### PROBLEM:
Every record needs to be repeated exactly; its pictures do not.
────────────────
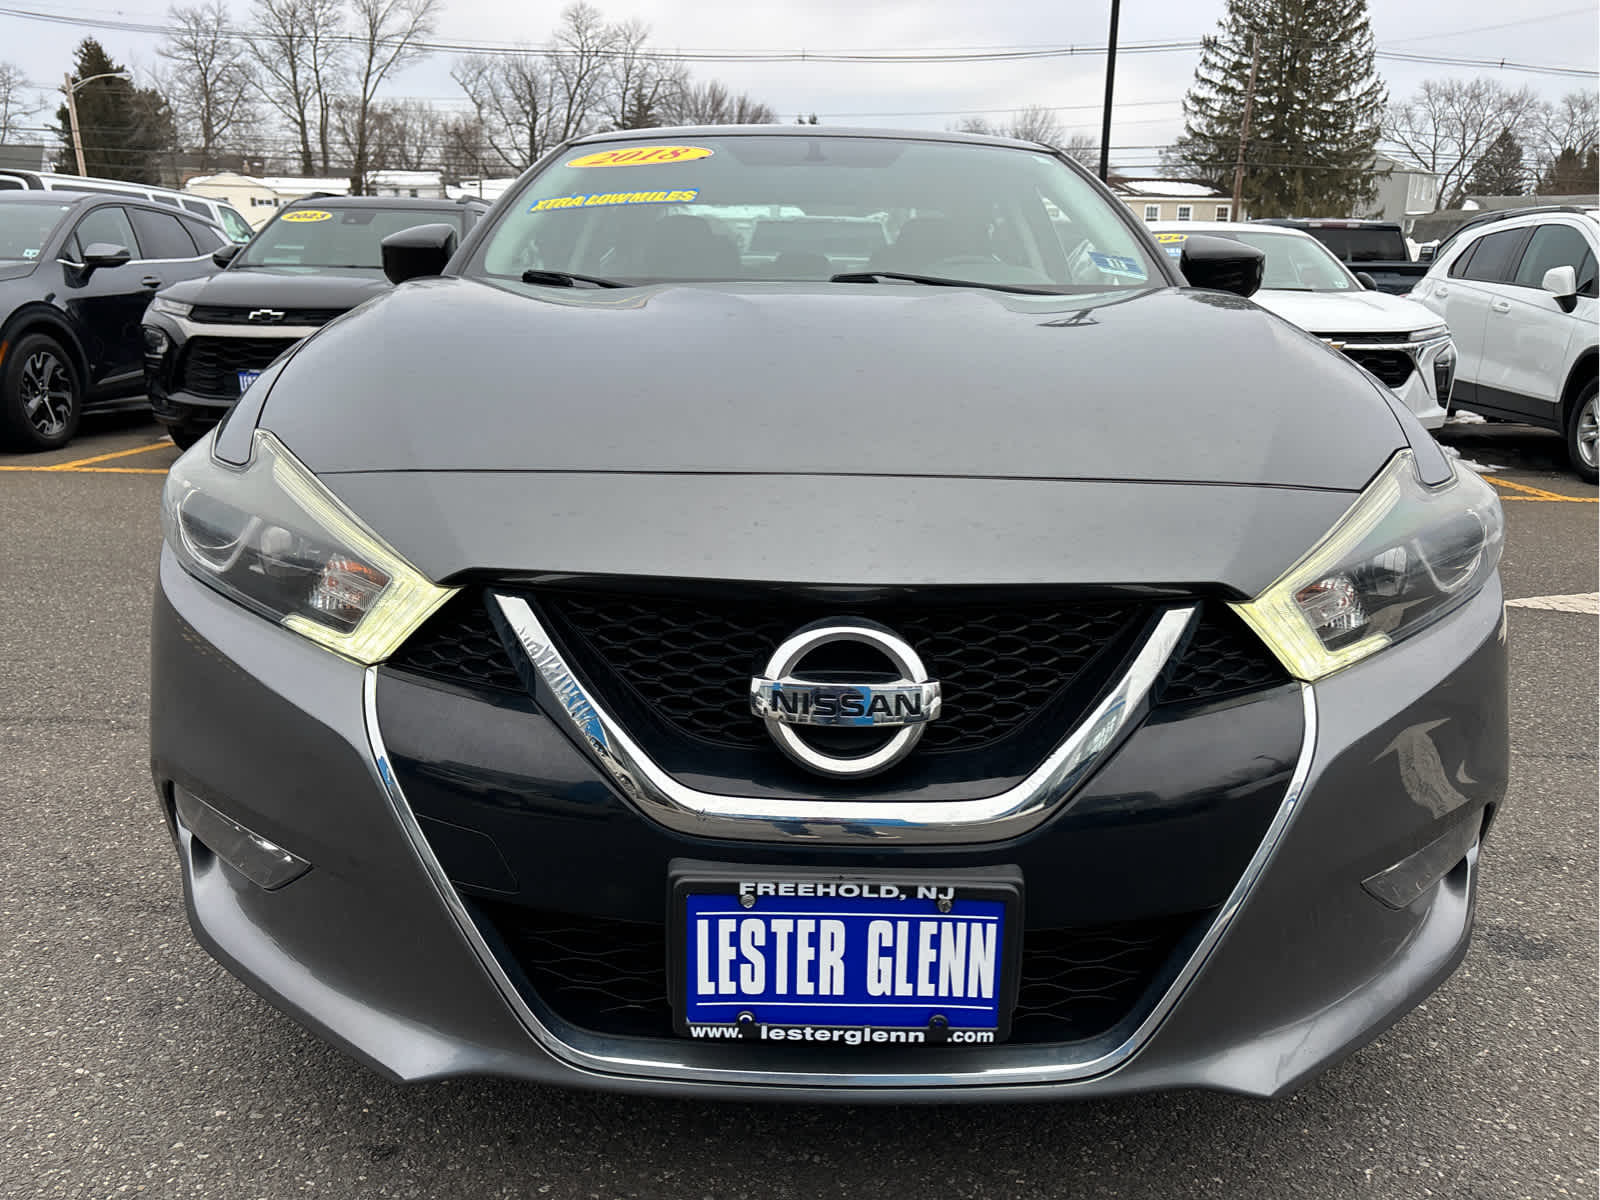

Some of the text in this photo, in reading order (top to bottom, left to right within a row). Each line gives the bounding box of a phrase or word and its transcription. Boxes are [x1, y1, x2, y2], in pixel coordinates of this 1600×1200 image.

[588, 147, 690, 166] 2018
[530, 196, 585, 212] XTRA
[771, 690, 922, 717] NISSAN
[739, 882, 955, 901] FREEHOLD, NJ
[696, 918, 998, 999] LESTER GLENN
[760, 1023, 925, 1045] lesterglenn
────────────────
### OUTPUT BELOW:
Some of the text in this photo, in reading order (top to bottom, left to right within a row). Each line gives the bounding box of a phrase or word and its transcription. Boxes are [x1, y1, x2, y2], in pixel coordinates of this 1600×1200 image.

[588, 147, 690, 166] 2018
[530, 196, 585, 212] XTRA
[771, 690, 922, 717] NISSAN
[739, 882, 955, 901] FREEHOLD, NJ
[696, 918, 998, 999] LESTER GLENN
[760, 1023, 925, 1045] lesterglenn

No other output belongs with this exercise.